## Supplied data
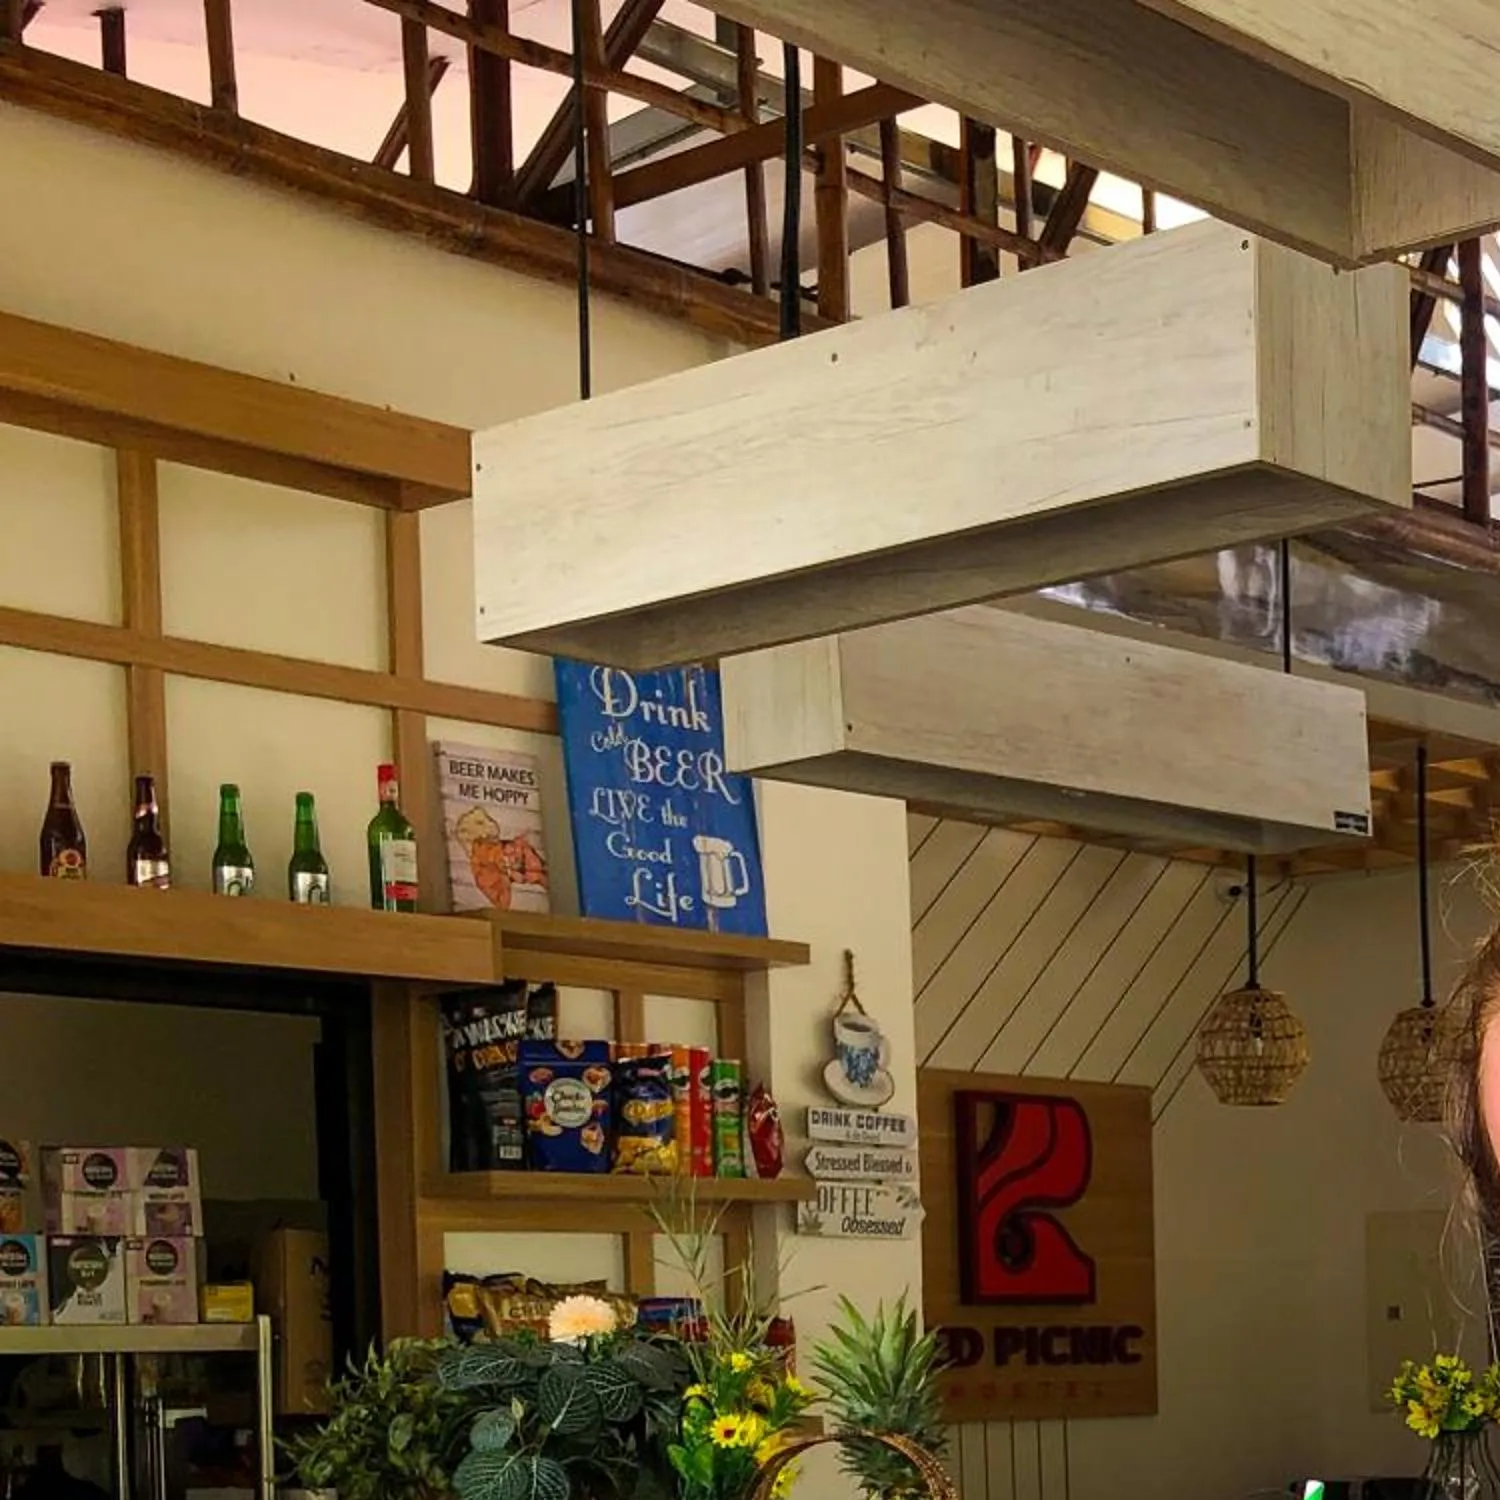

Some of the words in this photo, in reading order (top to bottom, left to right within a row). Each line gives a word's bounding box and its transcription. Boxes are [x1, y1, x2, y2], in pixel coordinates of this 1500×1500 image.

[590, 665, 711, 733] Drink
[449, 759, 485, 778] BEER
[487, 764, 535, 785] MAKES
[624, 738, 741, 805] BEER
[459, 783, 480, 799] ME
[483, 785, 529, 806] HOPPY
[588, 787, 654, 824] LIVE
[661, 800, 687, 829] the
[607, 831, 672, 863] Good
[625, 869, 694, 923] Life
[811, 1110, 851, 1128] DRINK
[855, 1114, 906, 1133] COFFEE
[815, 1151, 860, 1171] Stressed
[863, 1153, 902, 1174] Blessed
[995, 1325, 1144, 1367] PICNIC
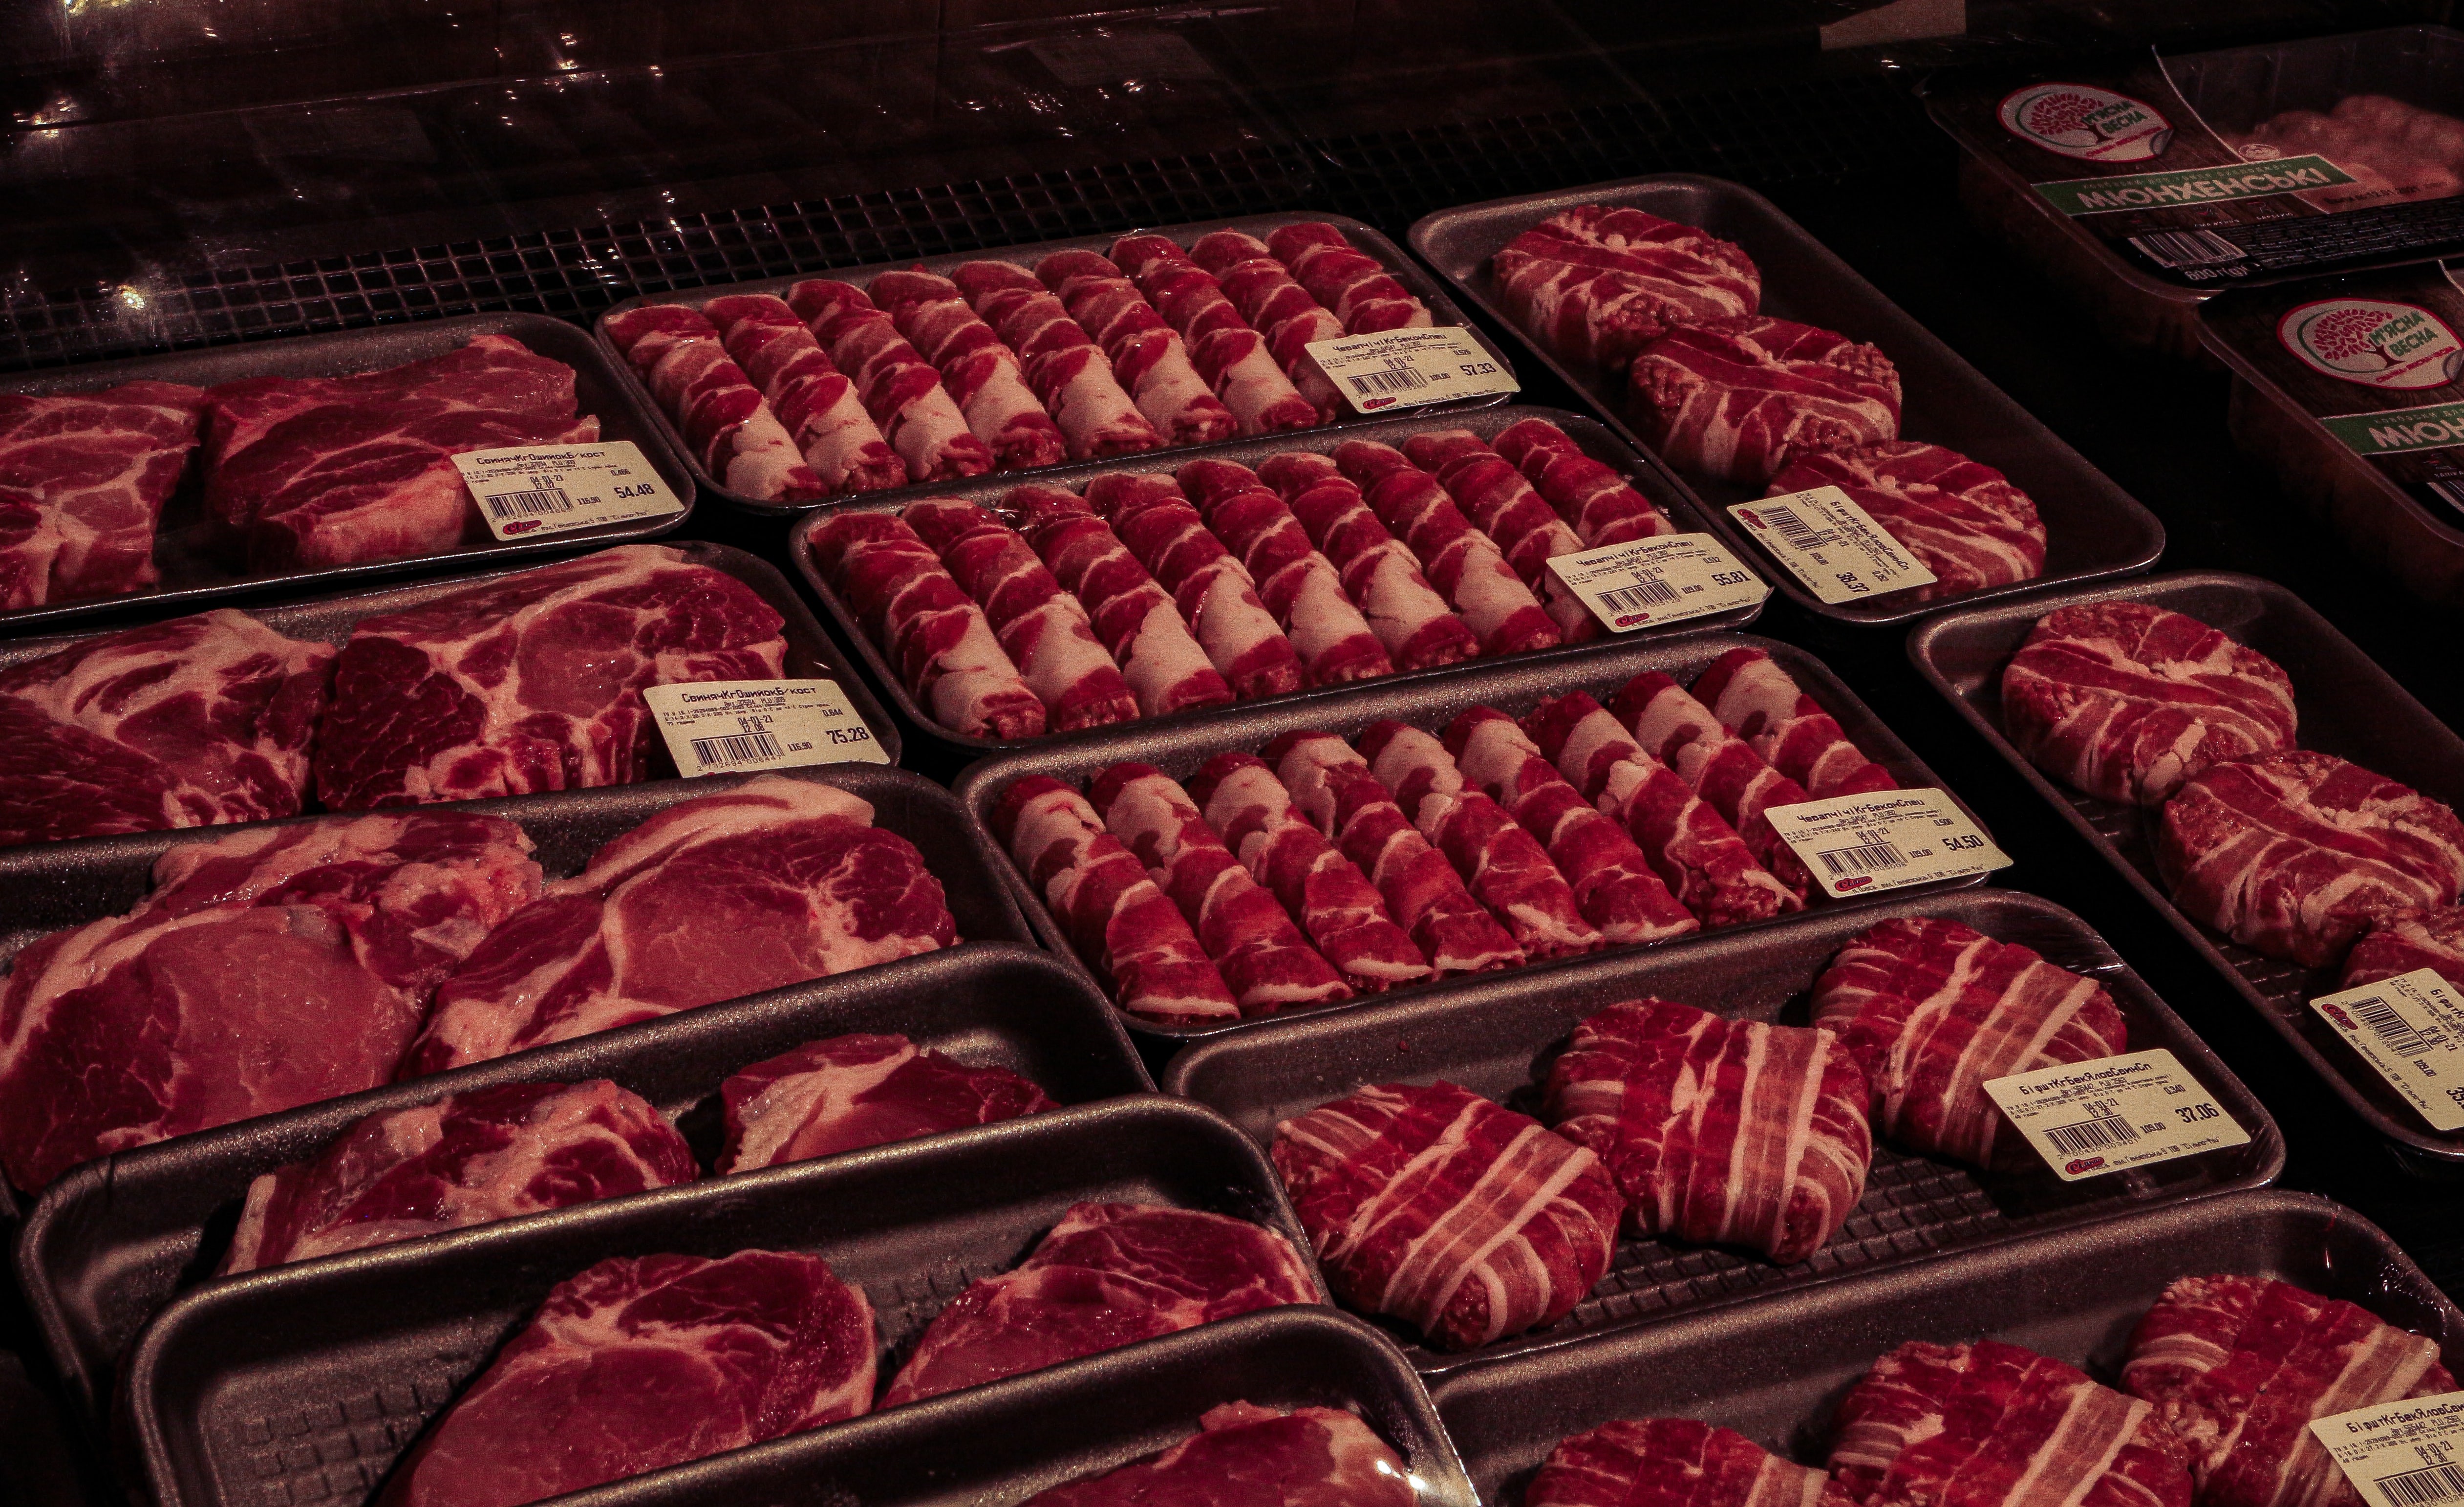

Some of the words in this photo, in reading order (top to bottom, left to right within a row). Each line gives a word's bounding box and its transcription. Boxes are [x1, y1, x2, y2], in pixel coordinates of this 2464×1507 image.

[2102, 110, 2147, 133] ВЕСНА
[2077, 167, 2330, 209] МЮНХЕНСЬКІ
[2369, 311, 2426, 345] М'ЯСНА
[2389, 326, 2439, 357] ВЕСНА
[1459, 363, 1497, 376] 57.33
[529, 474, 565, 484] 04-01-21
[613, 483, 656, 499] 54.48
[1630, 566, 1664, 578] 04-01-21
[1711, 570, 1752, 586] 55.81
[1835, 571, 1871, 594] 38.37
[681, 687, 816, 703] СвинячКгОшийокБ/кост
[737, 714, 774, 726] 04-01-21
[822, 708, 844, 717] 0.644
[786, 741, 813, 752] 116.90
[825, 726, 870, 745] 75.28
[1932, 818, 1954, 827] 0.500
[1855, 827, 1891, 839] 04-01-21
[1908, 848, 1933, 859] 109.00
[1941, 834, 1985, 851] 54.50
[2425, 1026, 2459, 1052] 04-01-21
[2412, 1059, 2437, 1077] 109.00
[2163, 1084, 2186, 1095] 0.340
[2082, 1098, 2120, 1112] 04-01-21
[2140, 1121, 2166, 1134] 109.00
[2174, 1103, 2220, 1123] 37.06
[2414, 1440, 2454, 1457] 04-01-21

## What to do
When you copy the records above, keep every word exact and drop the pictures.

## Response
Some of the words in this photo, in reading order (top to bottom, left to right within a row). Each line gives a word's bounding box and its transcription. Boxes are [x1, y1, x2, y2], in pixel coordinates of this 1500×1500 image.

[590, 665, 711, 733] Drink
[449, 759, 485, 778] BEER
[487, 764, 535, 785] MAKES
[624, 738, 741, 805] BEER
[459, 783, 480, 799] ME
[483, 785, 529, 806] HOPPY
[588, 787, 654, 824] LIVE
[661, 800, 687, 829] the
[607, 831, 672, 863] Good
[625, 869, 694, 923] Life
[811, 1110, 851, 1128] DRINK
[855, 1114, 906, 1133] COFFEE
[815, 1151, 860, 1171] Stressed
[863, 1153, 902, 1174] Blessed
[995, 1325, 1144, 1367] PICNIC

Some of the words in this photo, in reading order (top to bottom, left to right within a row). Each line gives a word's bounding box and its transcription. Boxes are [x1, y1, x2, y2], in pixel coordinates of this 2464×1507 image.

[2102, 110, 2147, 133] ВЕСНА
[2077, 167, 2330, 209] МЮНХЕНСЬКІ
[2369, 311, 2426, 345] М'ЯСНА
[2389, 326, 2439, 357] ВЕСНА
[1459, 363, 1497, 376] 57.33
[529, 474, 565, 484] 04-01-21
[613, 483, 656, 499] 54.48
[1630, 566, 1664, 578] 04-01-21
[1711, 570, 1752, 586] 55.81
[1835, 571, 1871, 594] 38.37
[681, 687, 816, 703] СвинячКгОшийокБ/кост
[737, 714, 774, 726] 04-01-21
[822, 708, 844, 717] 0.644
[786, 741, 813, 752] 116.90
[825, 726, 870, 745] 75.28
[1932, 818, 1954, 827] 0.500
[1855, 827, 1891, 839] 04-01-21
[1908, 848, 1933, 859] 109.00
[1941, 834, 1985, 851] 54.50
[2425, 1026, 2459, 1052] 04-01-21
[2412, 1059, 2437, 1077] 109.00
[2163, 1084, 2186, 1095] 0.340
[2082, 1098, 2120, 1112] 04-01-21
[2140, 1121, 2166, 1134] 109.00
[2174, 1103, 2220, 1123] 37.06
[2414, 1440, 2454, 1457] 04-01-21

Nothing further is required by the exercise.